(PROBLEM STATEMENT): Print each entry as it appears. Images stay out of the copy.

[Free-text object descriptions]
────
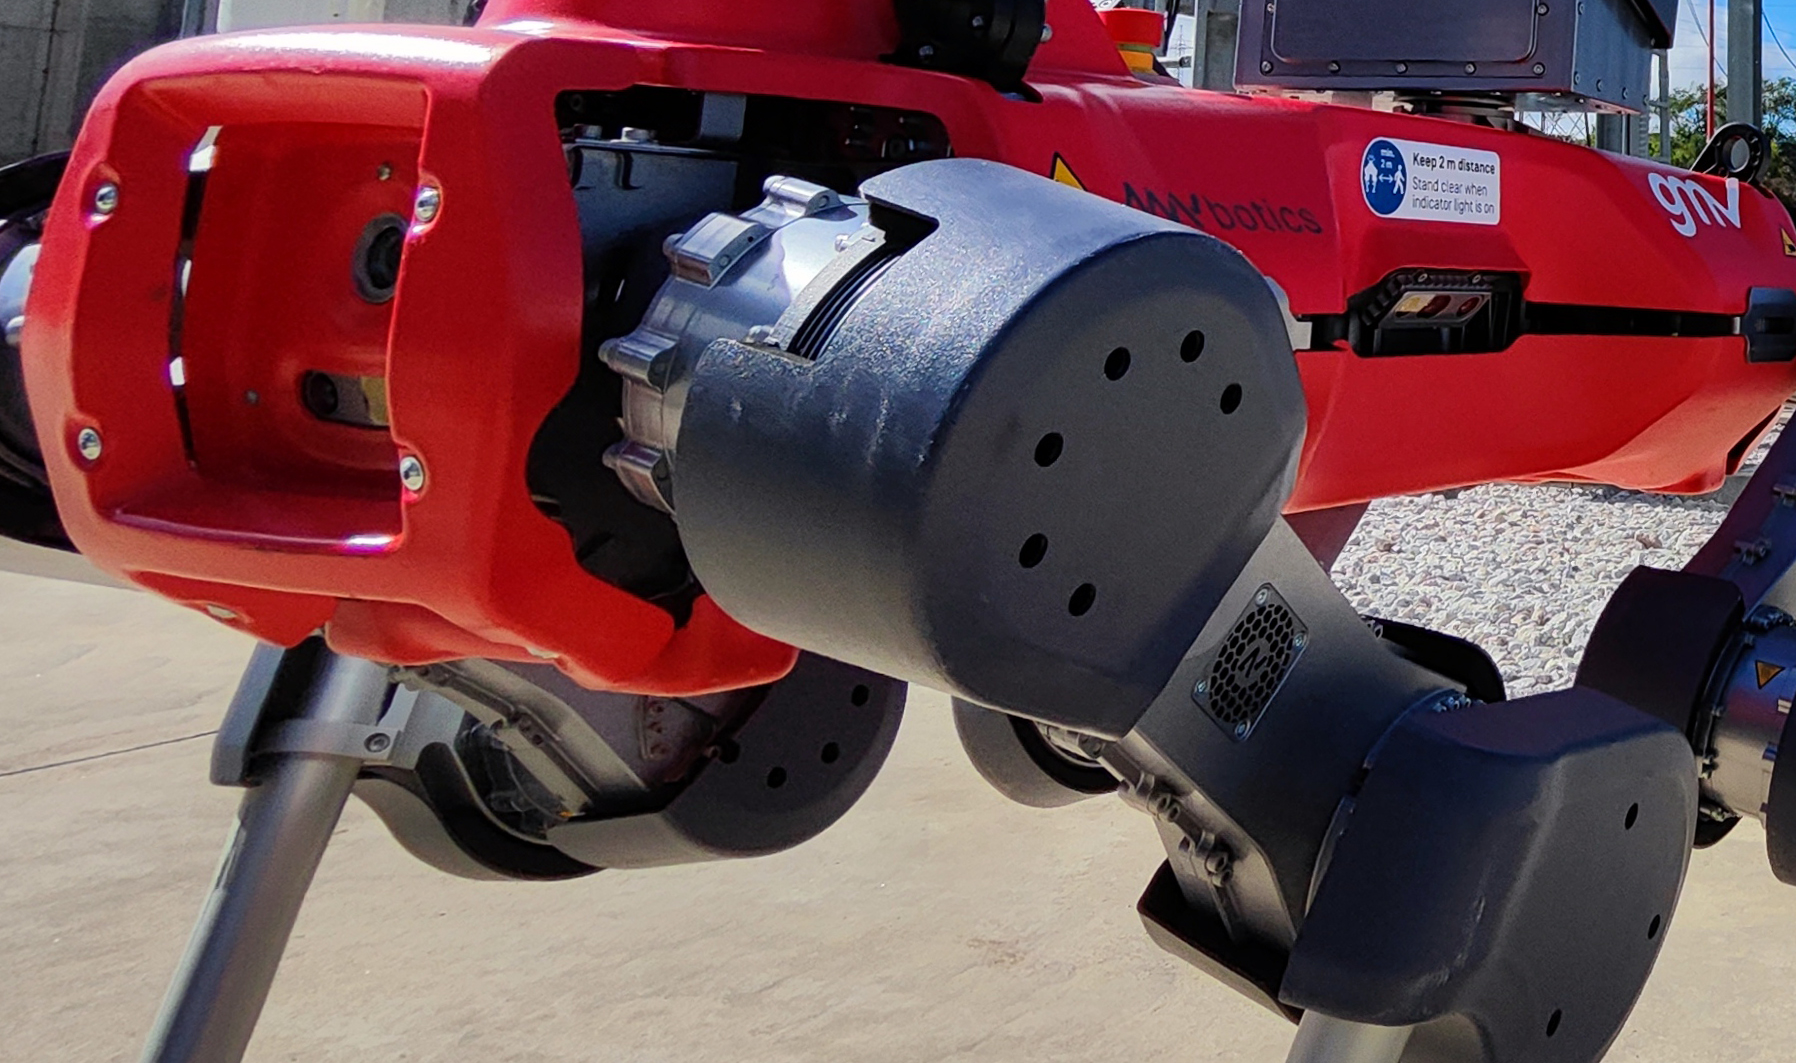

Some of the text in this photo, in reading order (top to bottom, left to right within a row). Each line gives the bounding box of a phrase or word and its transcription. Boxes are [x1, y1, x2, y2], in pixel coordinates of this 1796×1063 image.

[1380, 158, 1393, 169] 2 m
[1412, 152, 1495, 174] Keep 2 m distance
[1412, 176, 1488, 196] Stand clear when
[1412, 194, 1495, 215] indicator light is on
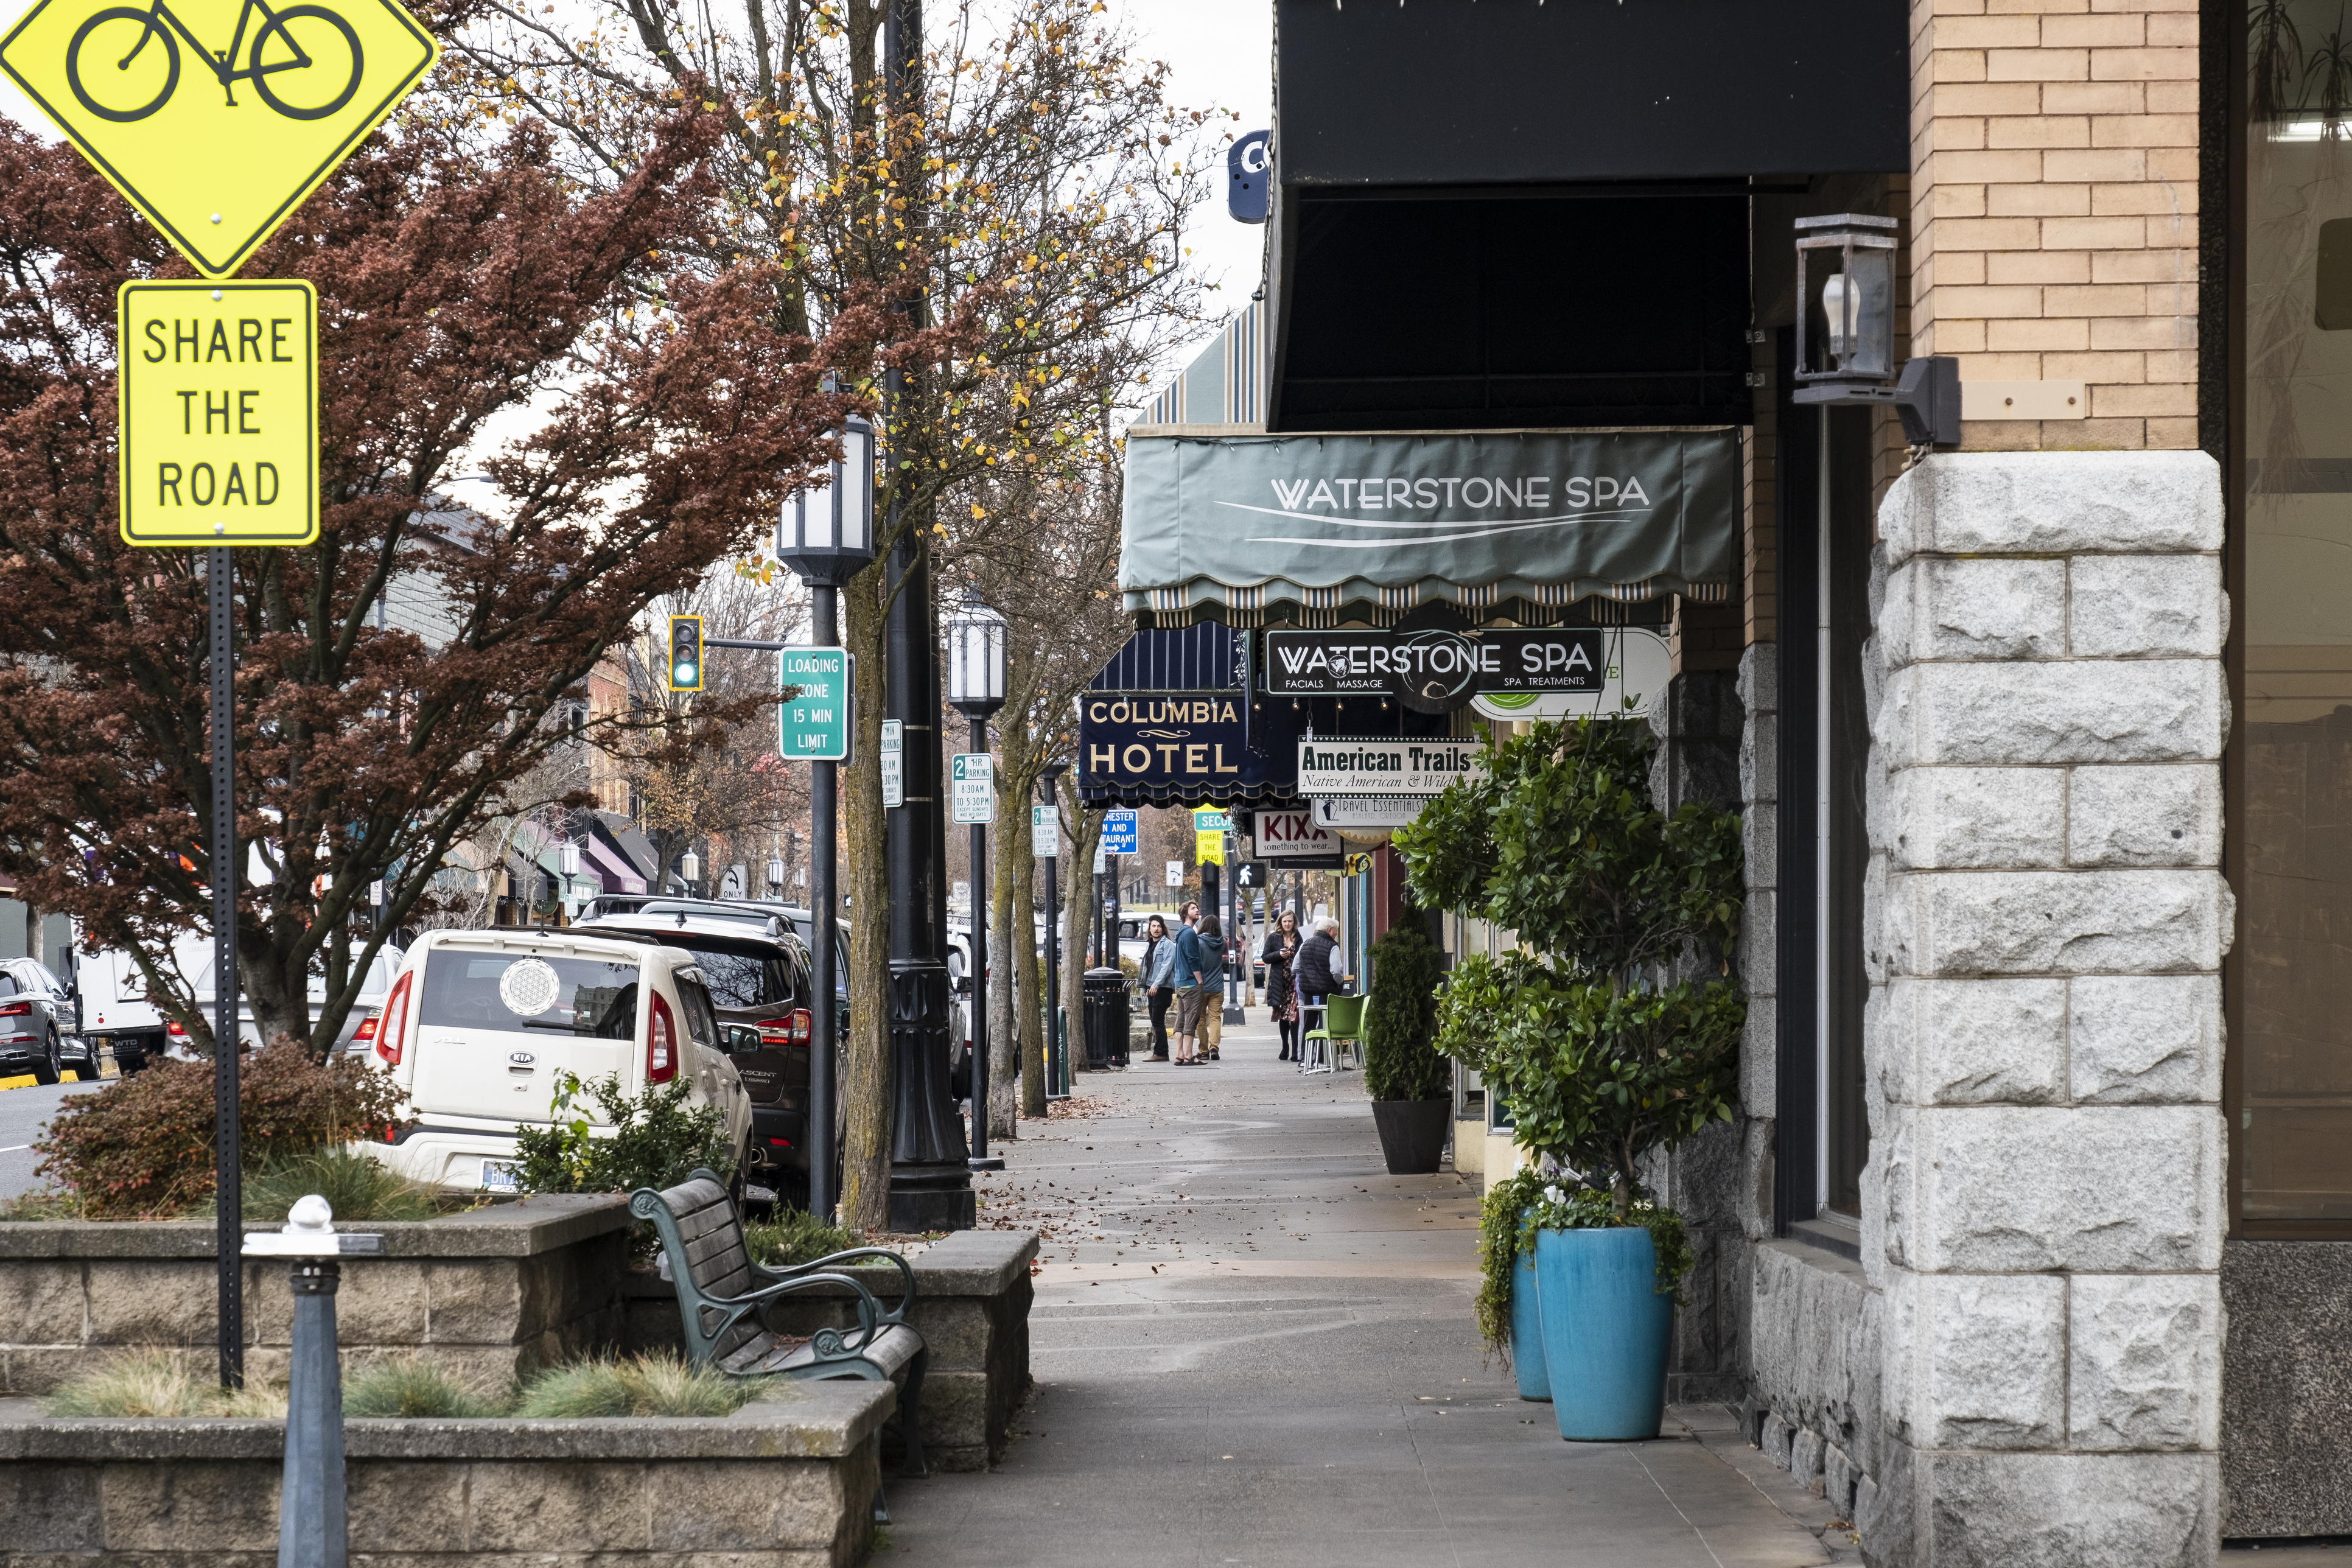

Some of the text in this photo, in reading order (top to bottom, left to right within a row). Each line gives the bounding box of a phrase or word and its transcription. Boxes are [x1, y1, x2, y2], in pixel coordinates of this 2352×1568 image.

[142, 318, 293, 363] SHARE
[177, 390, 261, 434] THE
[159, 461, 279, 506] ROAD
[1271, 476, 1650, 509] WATERSTONE SPA
[1278, 645, 1500, 674] WATERSTONE
[1521, 643, 1592, 672] SPA
[788, 659, 839, 673] LOADING
[1286, 679, 1382, 688] FACIALS MASSAGE
[1504, 676, 1584, 686] SPA TREATMENTS
[797, 684, 828, 698] ZONE
[793, 709, 832, 723] 15 MIN
[1090, 701, 1238, 723] COLUMBIA
[886, 725, 894, 736] MIN
[797, 734, 828, 748] LIMIT
[881, 738, 900, 750] PARKING
[1090, 743, 1238, 773] HOTEL
[1302, 746, 1471, 772] American Trails
[889, 760, 895, 771] AM
[955, 759, 964, 777] 2
[892, 774, 899, 785] PM
[966, 769, 990, 777] PARKING
[1303, 774, 1343, 787] Native
[1345, 774, 1402, 788] American
[1408, 774, 1421, 788] &
[956, 797, 964, 806] TO
[1373, 799, 1421, 812] ESSENTIALS
[1035, 811, 1039, 824] 2
[1111, 824, 1127, 832] AND
[1264, 842, 1298, 852] something
────
(ANSWER FOR THE TASK):
Some of the text in this photo, in reading order (top to bottom, left to right within a row). Each line gives the bounding box of a phrase or word and its transcription. Boxes are [x1, y1, x2, y2], in pixel coordinates of this 1796×1063 image.

[1380, 158, 1393, 169] 2 m
[1412, 152, 1495, 174] Keep 2 m distance
[1412, 176, 1488, 196] Stand clear when
[1412, 194, 1495, 215] indicator light is on

Some of the text in this photo, in reading order (top to bottom, left to right within a row). Each line gives the bounding box of a phrase or word and its transcription. Boxes are [x1, y1, x2, y2], in pixel coordinates of this 2352×1568 image.

[142, 318, 293, 363] SHARE
[177, 390, 261, 434] THE
[159, 461, 279, 506] ROAD
[1271, 476, 1650, 509] WATERSTONE SPA
[1278, 645, 1500, 674] WATERSTONE
[1521, 643, 1592, 672] SPA
[788, 659, 839, 673] LOADING
[1286, 679, 1382, 688] FACIALS MASSAGE
[1504, 676, 1584, 686] SPA TREATMENTS
[797, 684, 828, 698] ZONE
[793, 709, 832, 723] 15 MIN
[1090, 701, 1238, 723] COLUMBIA
[886, 725, 894, 736] MIN
[797, 734, 828, 748] LIMIT
[881, 738, 900, 750] PARKING
[1090, 743, 1238, 773] HOTEL
[1302, 746, 1471, 772] American Trails
[889, 760, 895, 771] AM
[955, 759, 964, 777] 2
[892, 774, 899, 785] PM
[966, 769, 990, 777] PARKING
[1303, 774, 1343, 787] Native
[1345, 774, 1402, 788] American
[1408, 774, 1421, 788] &
[956, 797, 964, 806] TO
[1373, 799, 1421, 812] ESSENTIALS
[1035, 811, 1039, 824] 2
[1111, 824, 1127, 832] AND
[1264, 842, 1298, 852] something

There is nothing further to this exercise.